What is being asked:
With the pictures omitted, write out the entries that follow exactly as they stand.

Data extract:
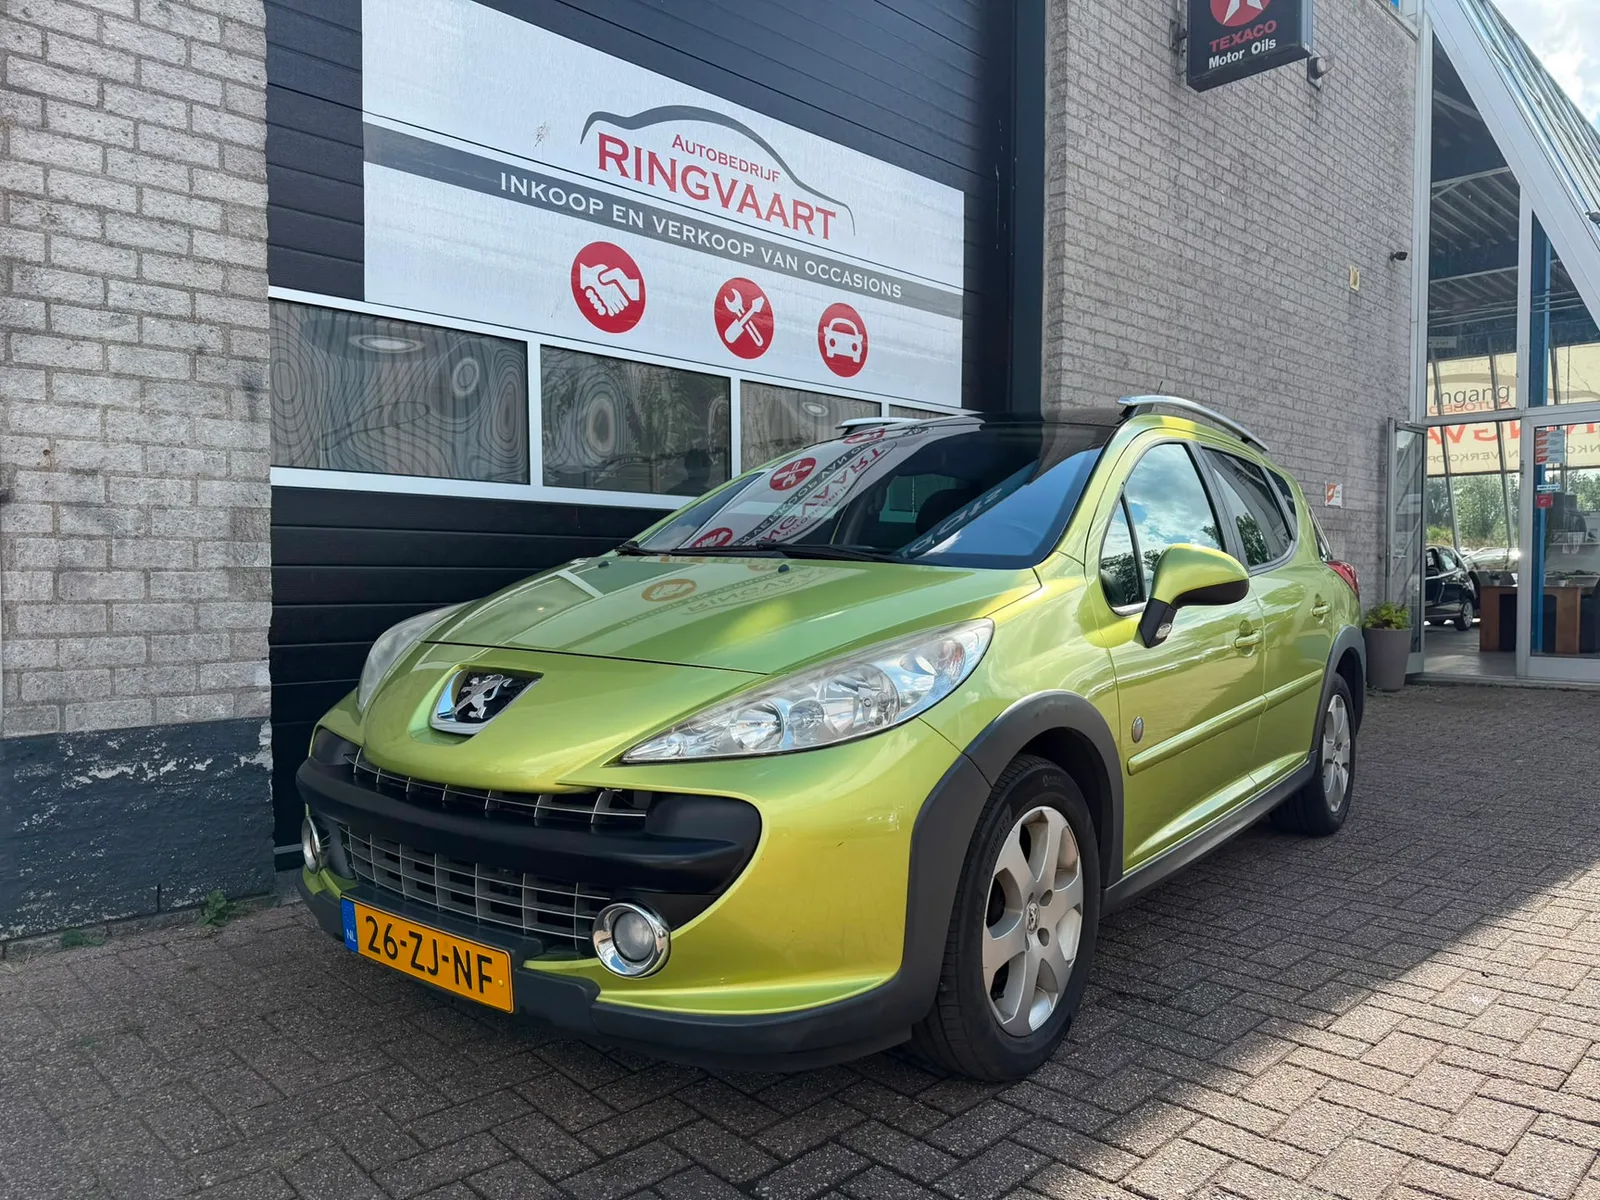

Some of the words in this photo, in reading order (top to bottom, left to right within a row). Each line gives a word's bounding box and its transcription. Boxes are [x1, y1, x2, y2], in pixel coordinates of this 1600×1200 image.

[1208, 49, 1245, 69] Motor
[1251, 38, 1277, 55] Oils
[1209, 20, 1277, 52] TEXACO
[671, 134, 781, 183] AUTOBEDRIJF
[597, 132, 837, 240] RINGVAART
[500, 172, 604, 215] INKOOP
[613, 206, 644, 229] EN
[653, 216, 755, 258] VERKOOP
[761, 248, 798, 272] VAN
[805, 260, 902, 299] OCCASIONS
[1434, 386, 1510, 408] Ingang
[346, 929, 356, 942] NL
[366, 915, 493, 993] 26-ZJ-NF

Solution:
Some of the words in this photo, in reading order (top to bottom, left to right within a row). Each line gives a word's bounding box and its transcription. Boxes are [x1, y1, x2, y2], in pixel coordinates of this 1600×1200 image.

[1208, 49, 1245, 69] Motor
[1251, 38, 1277, 55] Oils
[1209, 20, 1277, 52] TEXACO
[671, 134, 781, 183] AUTOBEDRIJF
[597, 132, 837, 240] RINGVAART
[500, 172, 604, 215] INKOOP
[613, 206, 644, 229] EN
[653, 216, 755, 258] VERKOOP
[761, 248, 798, 272] VAN
[805, 260, 902, 299] OCCASIONS
[1434, 386, 1510, 408] Ingang
[346, 929, 356, 942] NL
[366, 915, 493, 993] 26-ZJ-NF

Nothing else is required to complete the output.